• EXERCISE
Write the entries out again exactly as they stand, but without the pictures.

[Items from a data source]
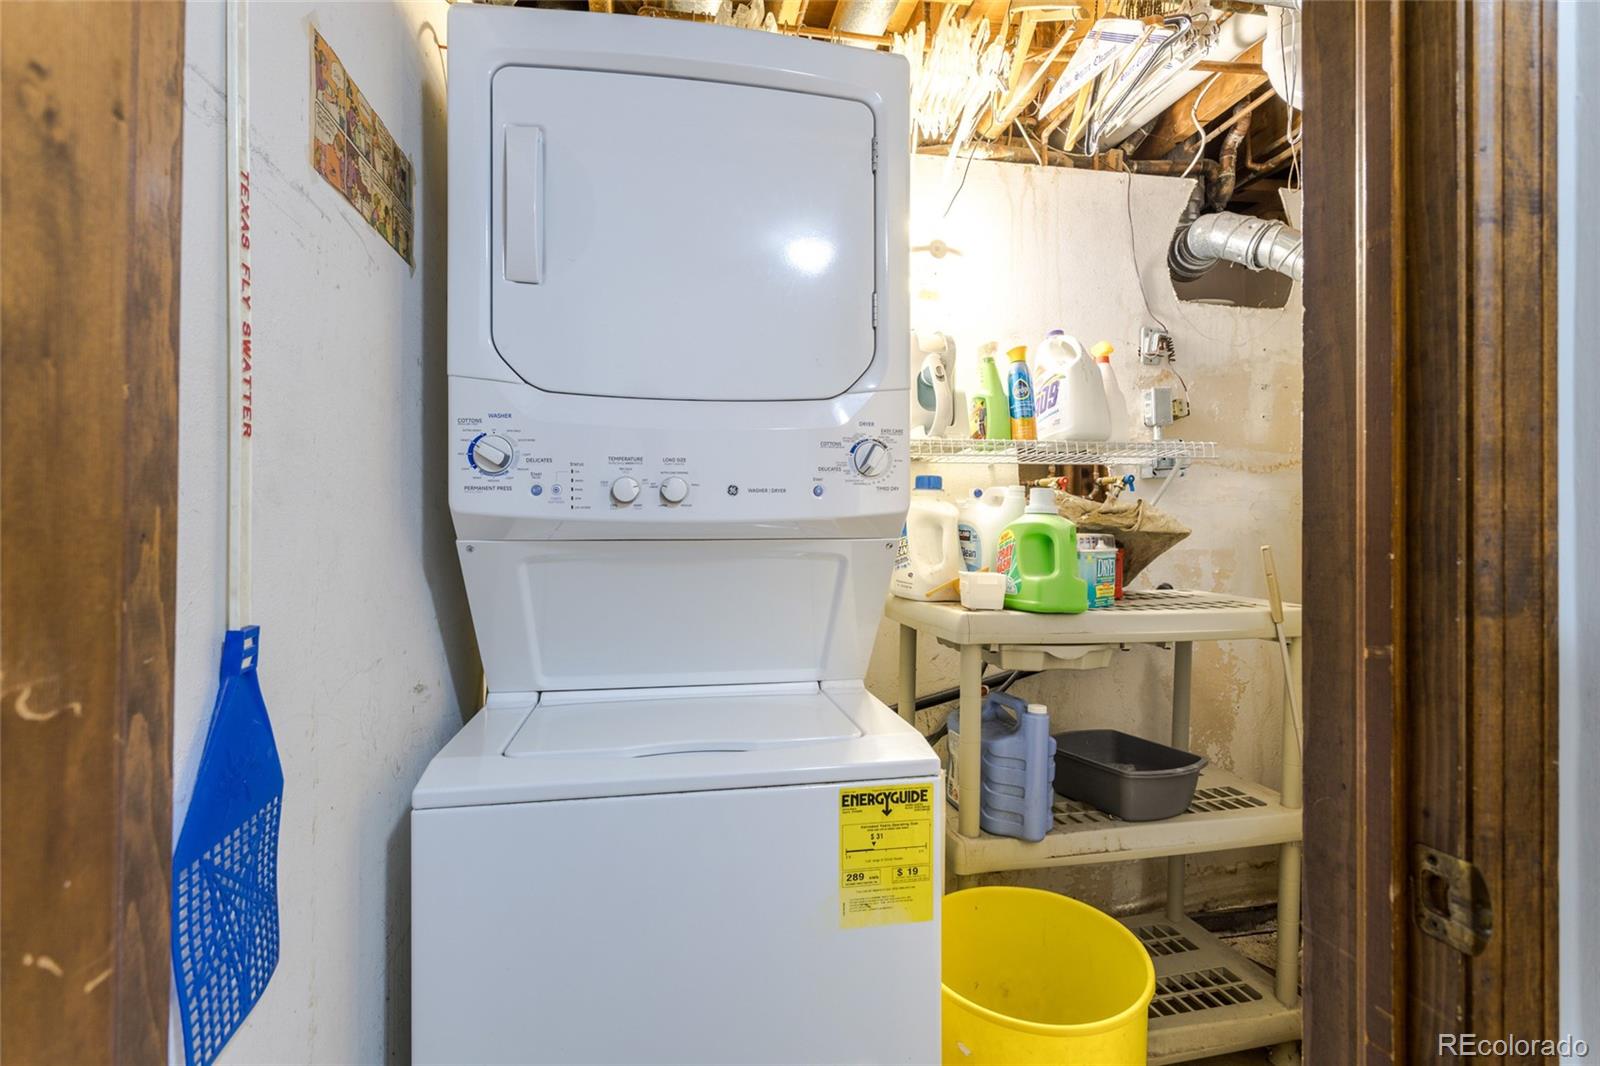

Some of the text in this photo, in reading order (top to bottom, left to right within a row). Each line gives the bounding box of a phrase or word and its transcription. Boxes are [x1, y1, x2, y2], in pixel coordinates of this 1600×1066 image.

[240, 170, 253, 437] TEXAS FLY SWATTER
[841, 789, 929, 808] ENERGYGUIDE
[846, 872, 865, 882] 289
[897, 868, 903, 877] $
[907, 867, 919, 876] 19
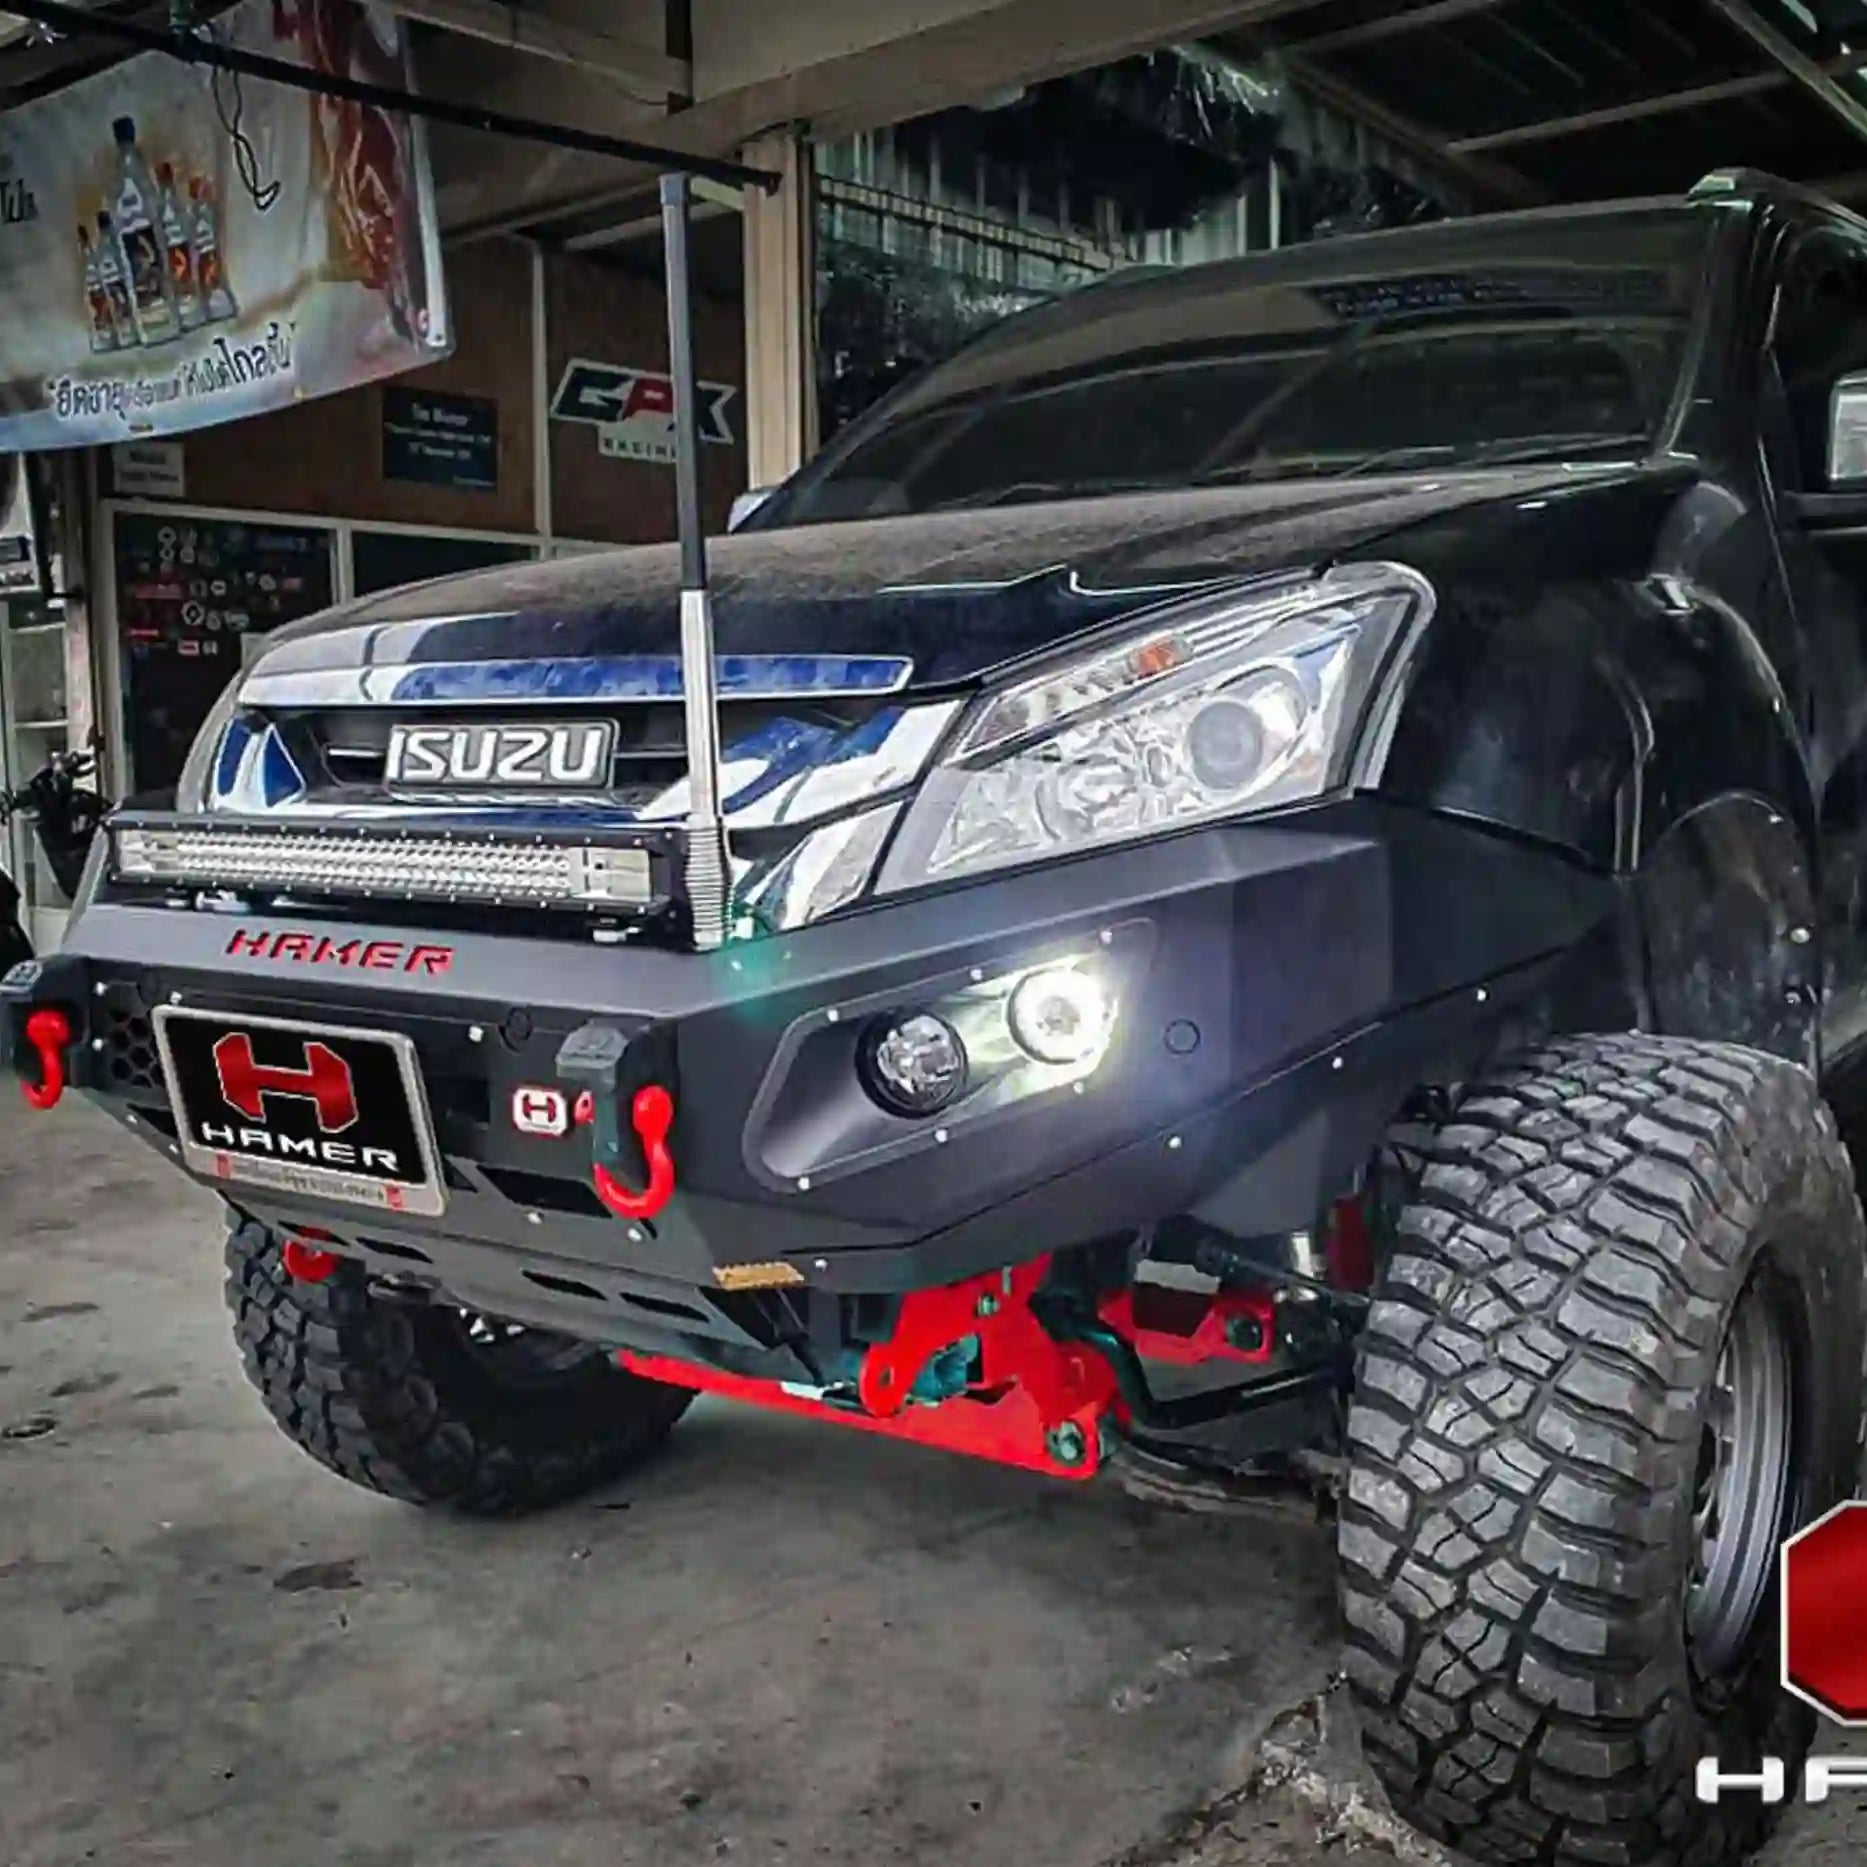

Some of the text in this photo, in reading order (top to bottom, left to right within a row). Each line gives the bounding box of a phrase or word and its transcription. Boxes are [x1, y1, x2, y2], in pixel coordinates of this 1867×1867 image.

• ANSWER SECTION
Some of the text in this photo, in reading order (top to bottom, left to right within a row). Each line gives the bounding box of a phrase or word and its transcription. Boxes are [x1, y1, x2, y2], in pixel coordinates of this 1600×1066 image.

[240, 170, 253, 437] TEXAS FLY SWATTER
[841, 789, 929, 808] ENERGYGUIDE
[846, 872, 865, 882] 289
[897, 868, 903, 877] $
[907, 867, 919, 876] 19

Some of the text in this photo, in reading order (top to bottom, left to right within a row). Each line gives the bounding box of a phrase or word and its transcription. Boxes are [x1, y1, x2, y2], in pixel coordinates of this 1867×1867 image.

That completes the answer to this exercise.